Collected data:
•••••

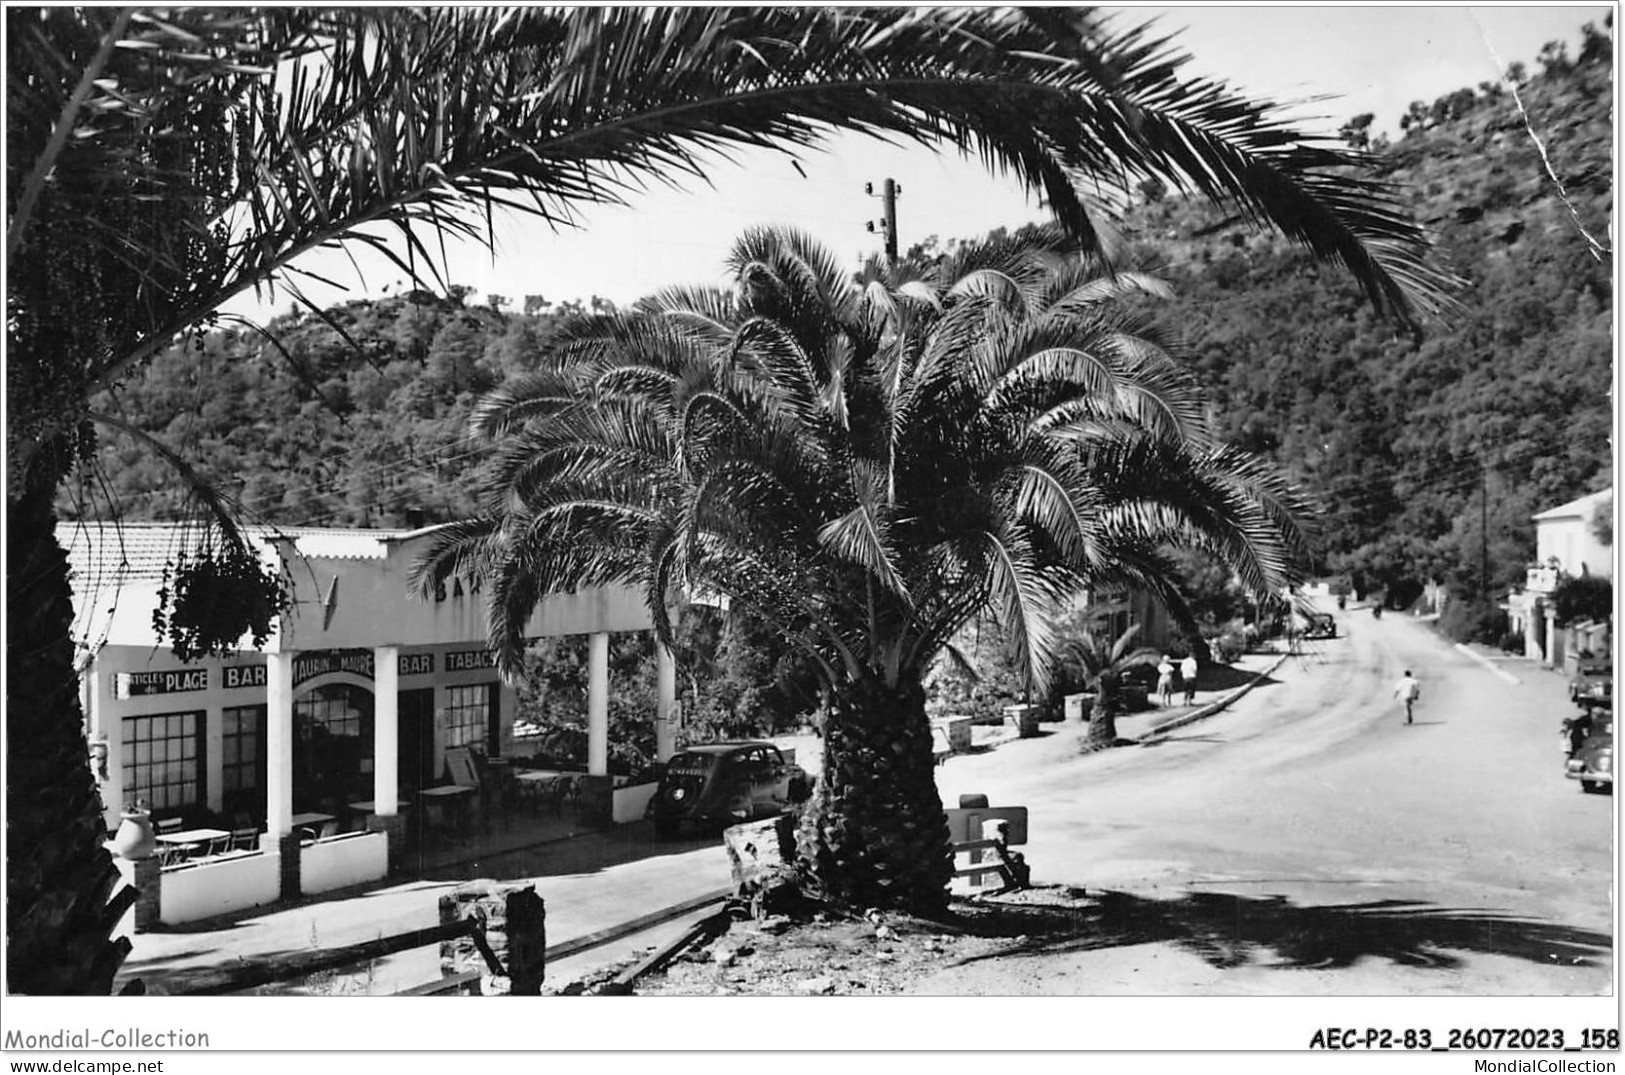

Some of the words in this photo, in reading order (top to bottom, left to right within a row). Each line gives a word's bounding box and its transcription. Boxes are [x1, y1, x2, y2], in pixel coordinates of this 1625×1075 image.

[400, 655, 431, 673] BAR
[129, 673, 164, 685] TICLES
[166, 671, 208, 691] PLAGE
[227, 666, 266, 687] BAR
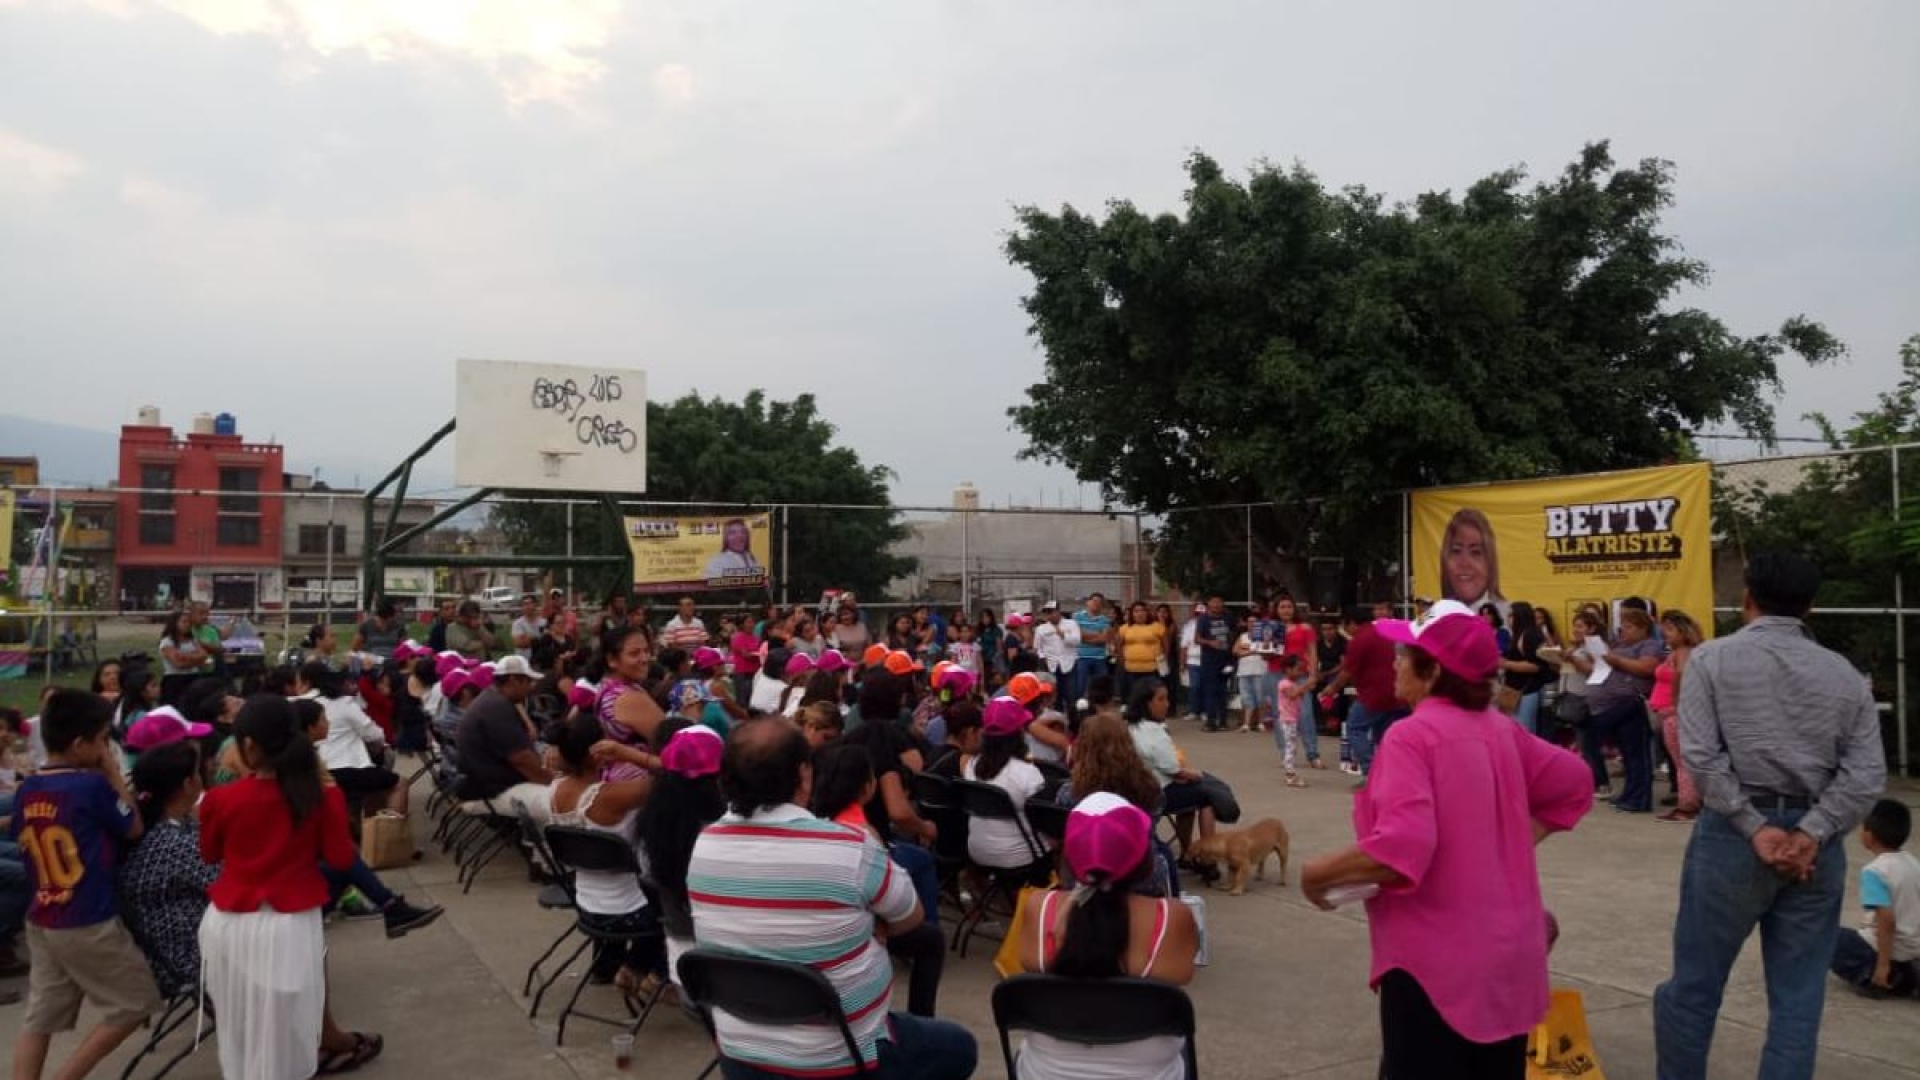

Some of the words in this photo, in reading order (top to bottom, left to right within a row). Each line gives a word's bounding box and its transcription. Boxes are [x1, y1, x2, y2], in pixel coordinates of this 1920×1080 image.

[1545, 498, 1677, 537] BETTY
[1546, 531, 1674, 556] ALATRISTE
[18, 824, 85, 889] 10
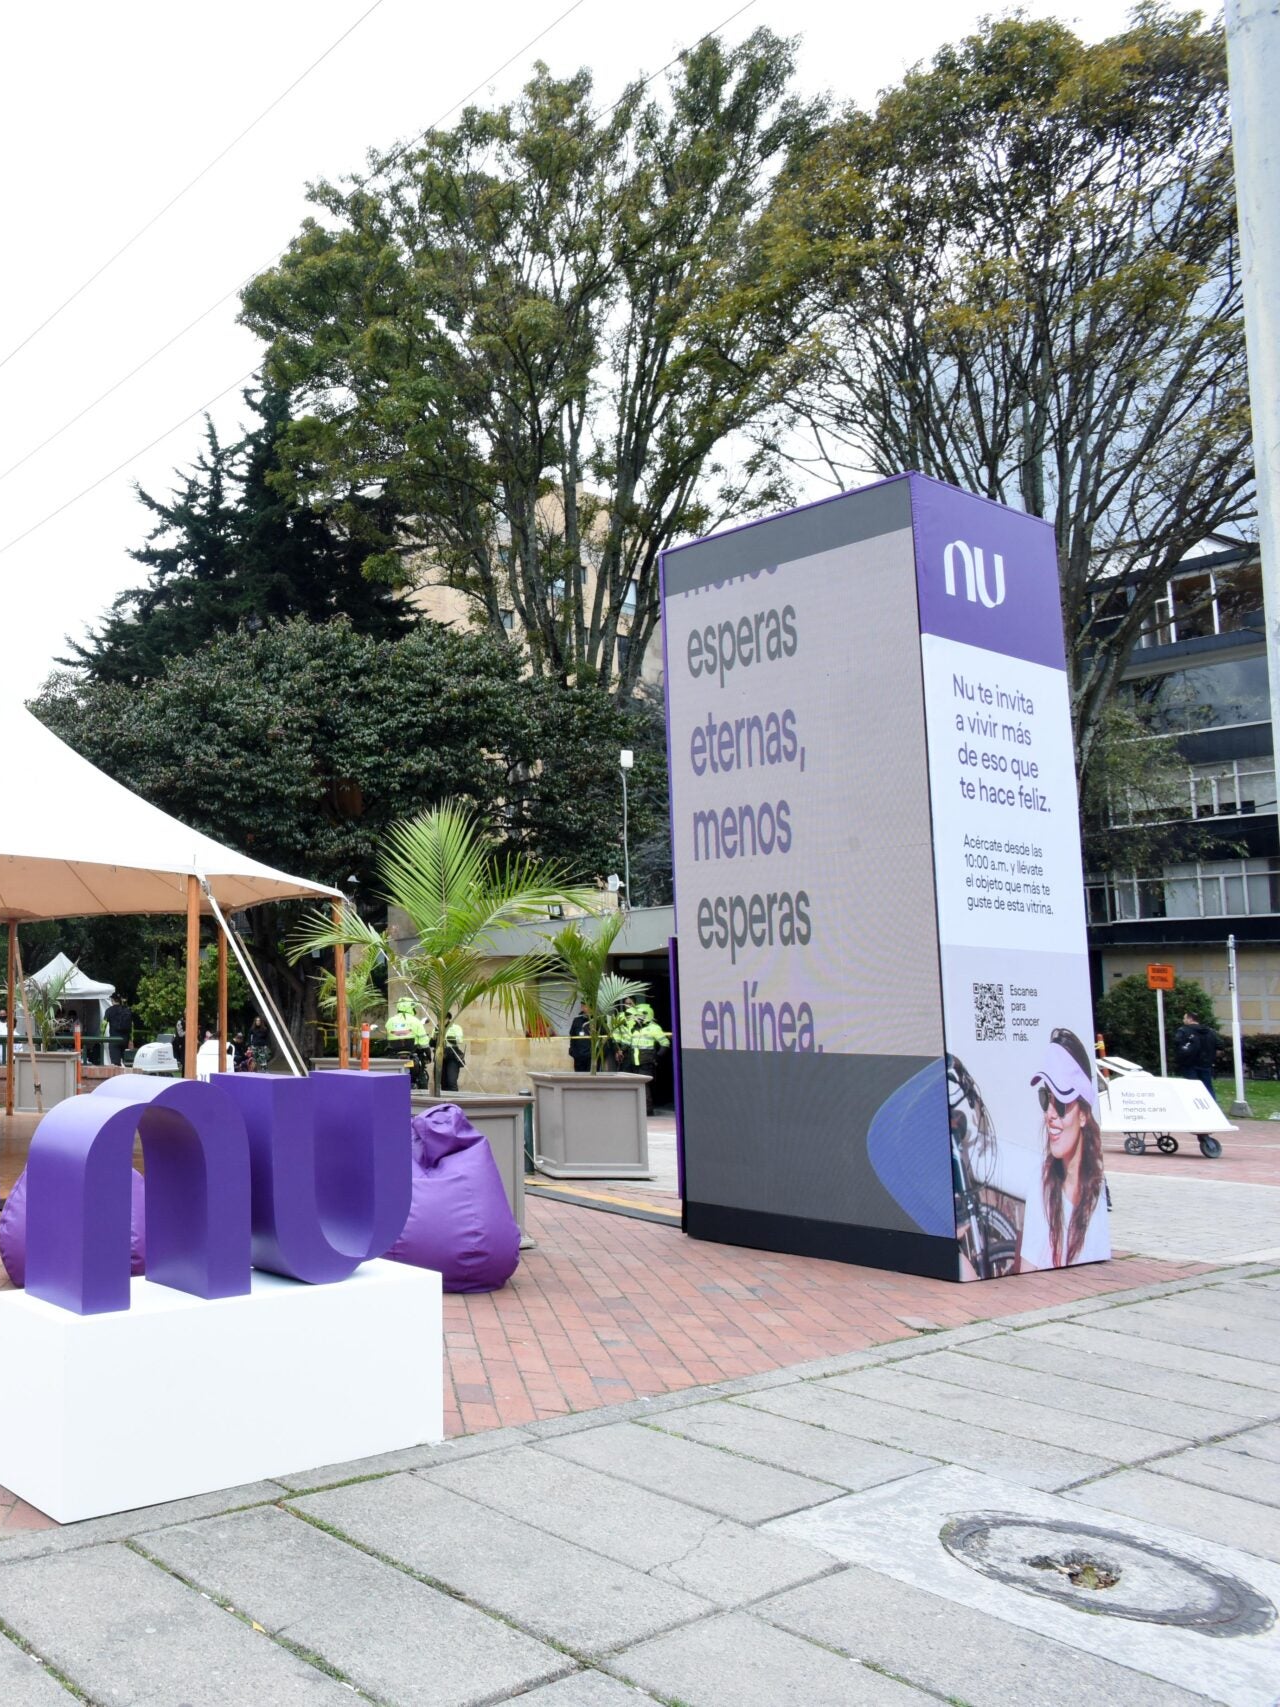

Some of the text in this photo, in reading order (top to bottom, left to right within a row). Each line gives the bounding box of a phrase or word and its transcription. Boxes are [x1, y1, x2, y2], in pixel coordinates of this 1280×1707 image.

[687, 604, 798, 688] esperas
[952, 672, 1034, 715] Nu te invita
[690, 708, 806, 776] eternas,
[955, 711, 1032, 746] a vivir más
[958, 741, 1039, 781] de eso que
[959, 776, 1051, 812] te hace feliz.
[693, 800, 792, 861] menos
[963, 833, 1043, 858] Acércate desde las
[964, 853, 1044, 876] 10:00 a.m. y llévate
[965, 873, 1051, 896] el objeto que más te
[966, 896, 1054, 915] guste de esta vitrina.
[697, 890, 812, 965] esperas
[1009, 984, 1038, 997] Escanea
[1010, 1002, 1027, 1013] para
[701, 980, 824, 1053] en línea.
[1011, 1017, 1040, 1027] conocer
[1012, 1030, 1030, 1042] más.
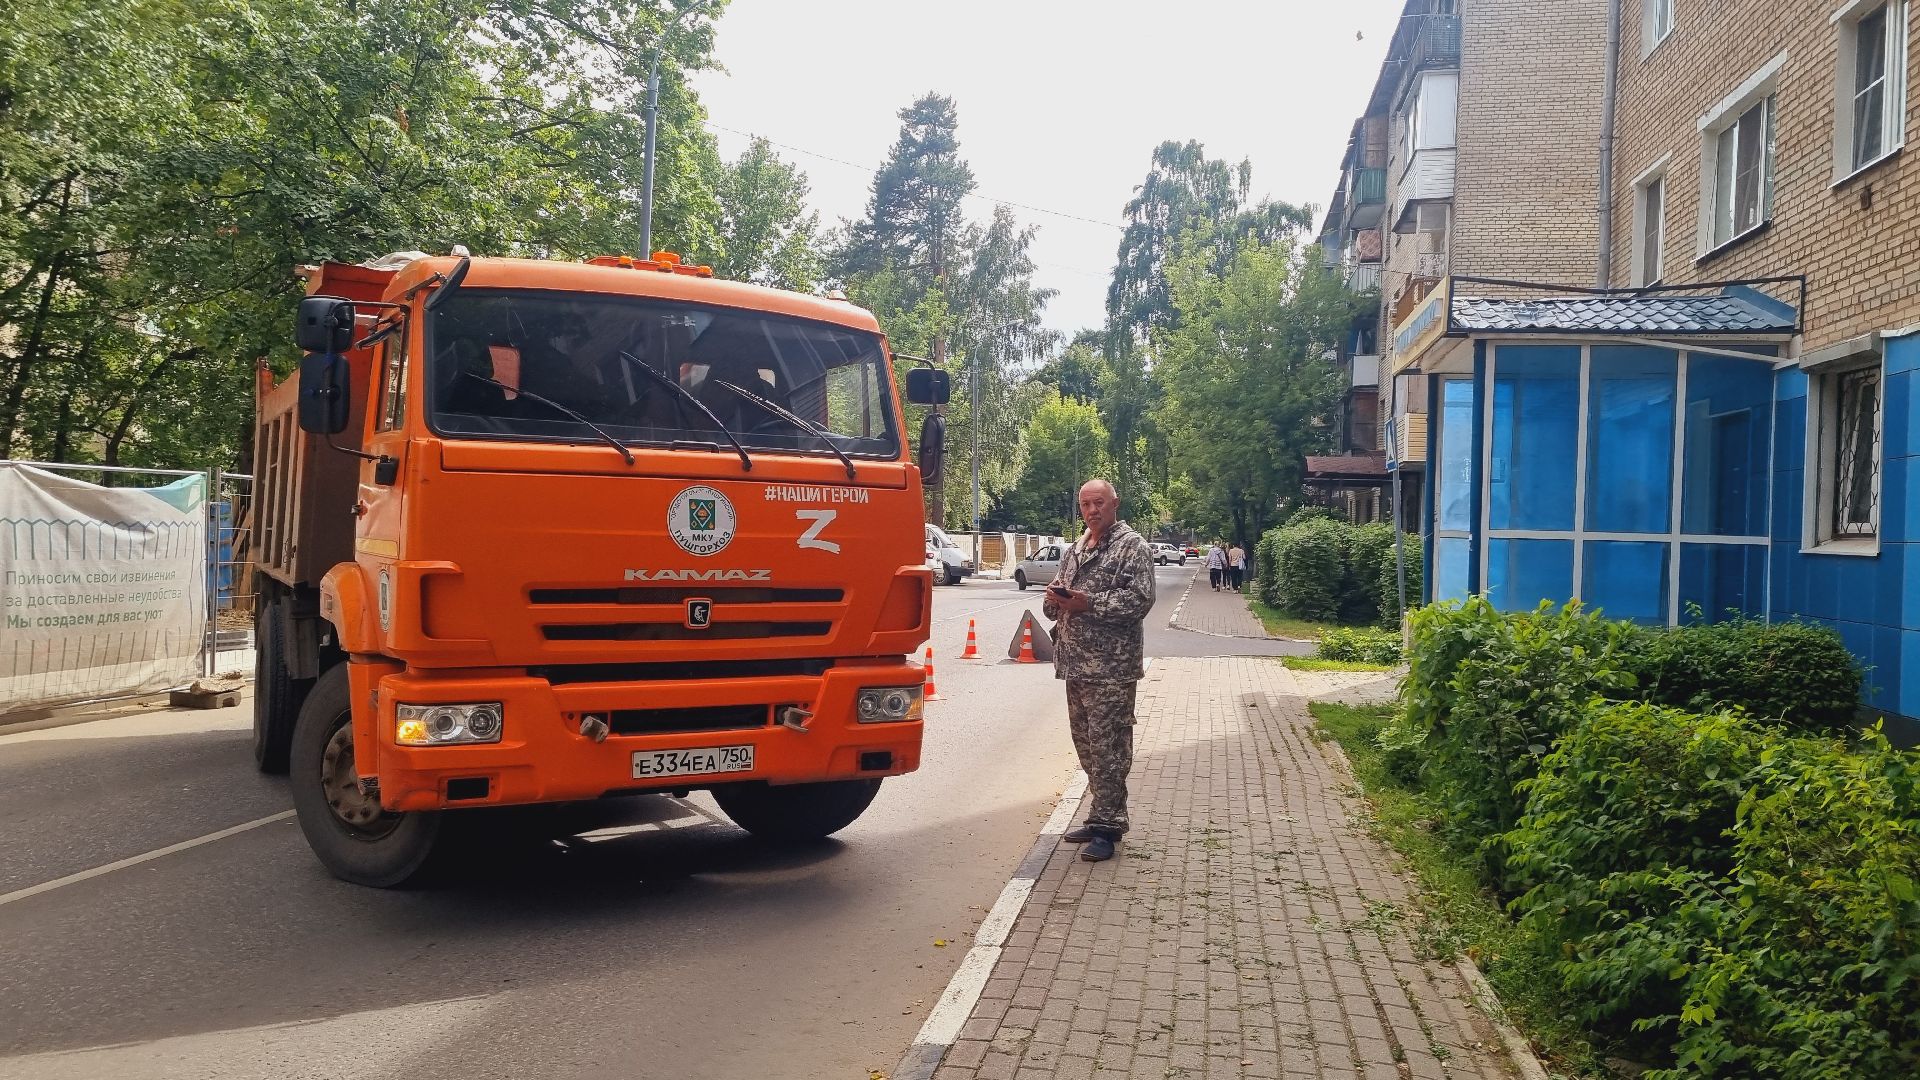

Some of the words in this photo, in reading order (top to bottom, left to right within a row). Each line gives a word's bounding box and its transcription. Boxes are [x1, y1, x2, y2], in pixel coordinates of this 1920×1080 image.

•••••

◆ WORK REQUEST: When you reproduce the entries above, keep every word exact and leave the images out.

◆ COMPLETED EXERCISE:
Some of the words in this photo, in reading order (top to bottom, left to right within a row). Each line gives a word's bounding box and its transcription. Boxes are [x1, y1, x2, y2], in pixel coordinates of this 1625×1075 image.

[400, 655, 431, 673] BAR
[129, 673, 164, 685] TICLES
[166, 671, 208, 691] PLAGE
[227, 666, 266, 687] BAR

Some of the words in this photo, in reading order (top to bottom, left to right within a row). Each line gives a word's bounding box and its transcription. Boxes are [x1, y1, x2, y2], in pixel coordinates of this 1920×1080 image.

[1545, 498, 1677, 537] BETTY
[1546, 531, 1674, 556] ALATRISTE
[18, 824, 85, 889] 10

Some of the text in this photo, in reading order (top to bottom, left to right within a row). Each line gives the bounding box of a phrase or word and its transcription. Boxes are [x1, y1, x2, y2], in pixel coordinates of this 1280×1707 image.

[687, 604, 798, 688] esperas
[952, 672, 1034, 715] Nu te invita
[690, 708, 806, 776] eternas,
[955, 711, 1032, 746] a vivir más
[958, 741, 1039, 781] de eso que
[959, 776, 1051, 812] te hace feliz.
[693, 800, 792, 861] menos
[963, 833, 1043, 858] Acércate desde las
[964, 853, 1044, 876] 10:00 a.m. y llévate
[965, 873, 1051, 896] el objeto que más te
[966, 896, 1054, 915] guste de esta vitrina.
[697, 890, 812, 965] esperas
[1009, 984, 1038, 997] Escanea
[1010, 1002, 1027, 1013] para
[701, 980, 824, 1053] en línea.
[1011, 1017, 1040, 1027] conocer
[1012, 1030, 1030, 1042] más.

Some of the words in this photo, in reading order (top to bottom, left to right within a row). Each line gives a word's bounding box and its transcription. Boxes are [x1, y1, x2, y2], in pixel coordinates of this 1920×1080 image.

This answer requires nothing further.